Tuskegee Airman (1922–2016)

Shelby F. Westbrook (January 15, 1922 – August 17, 2016) was a Tuskegee Airman who served in World War II.

==Early life==
Shelby Westbrook was born in the small town of Marked Tree, Arkansas, on January 15, 1922. When he was twelve years old, his parents died. Shortly after, Westbrook moved to Toledo, Ohio, to live with his older brother. He attended Libbey High School, an integrated high school, graduating in 1939.
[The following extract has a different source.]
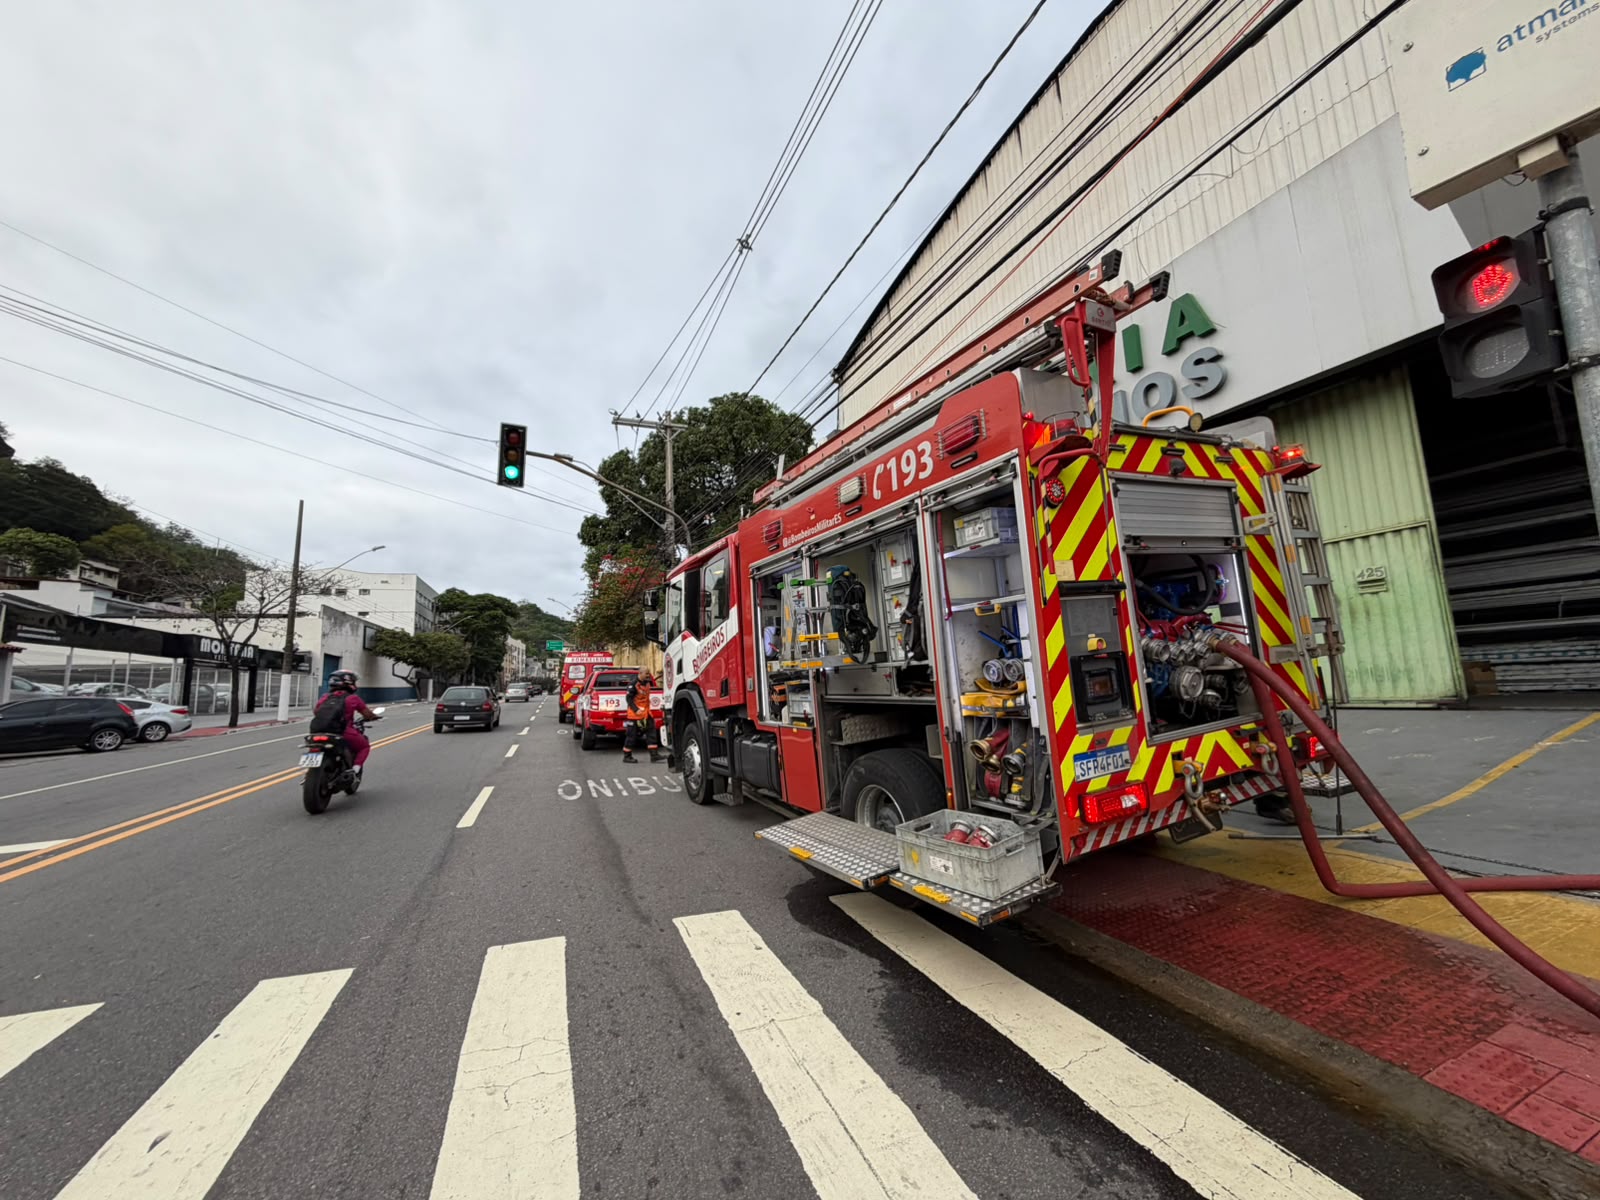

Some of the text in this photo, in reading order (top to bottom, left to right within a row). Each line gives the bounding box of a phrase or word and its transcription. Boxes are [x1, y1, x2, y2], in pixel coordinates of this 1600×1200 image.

==United States Army Air Forces==
===Training===
In March 1943, Westbrook enrolled in aviation cadet training at Tuskegee Army Air Field. He knew he did not want to be in the infantry, despite the fact he had never been in an airplane before. On February 8, 1944, he completed his pilot training (class 44-b) and was sent to Selfridge Air Field near Detroit, Michigan. During his time here, Second Lieutenant Westbrook trained in single-engine fighter planes.

===Combat===
Westbrook was attached to the 99th Fighter Squadron of the 332nd Fighter Group. This was one of the first all Black units formed by the Army Air Corps. After further training in South Carolina, the 99th Fighter Squadron was sent to Italy in July 1944. As a combat pilot, he flew 60 missions over 12 countries in Europe. Westbrook was promoted to first lieutenant, and served in the 332nd Fighter Group from July 1944 to May 1945.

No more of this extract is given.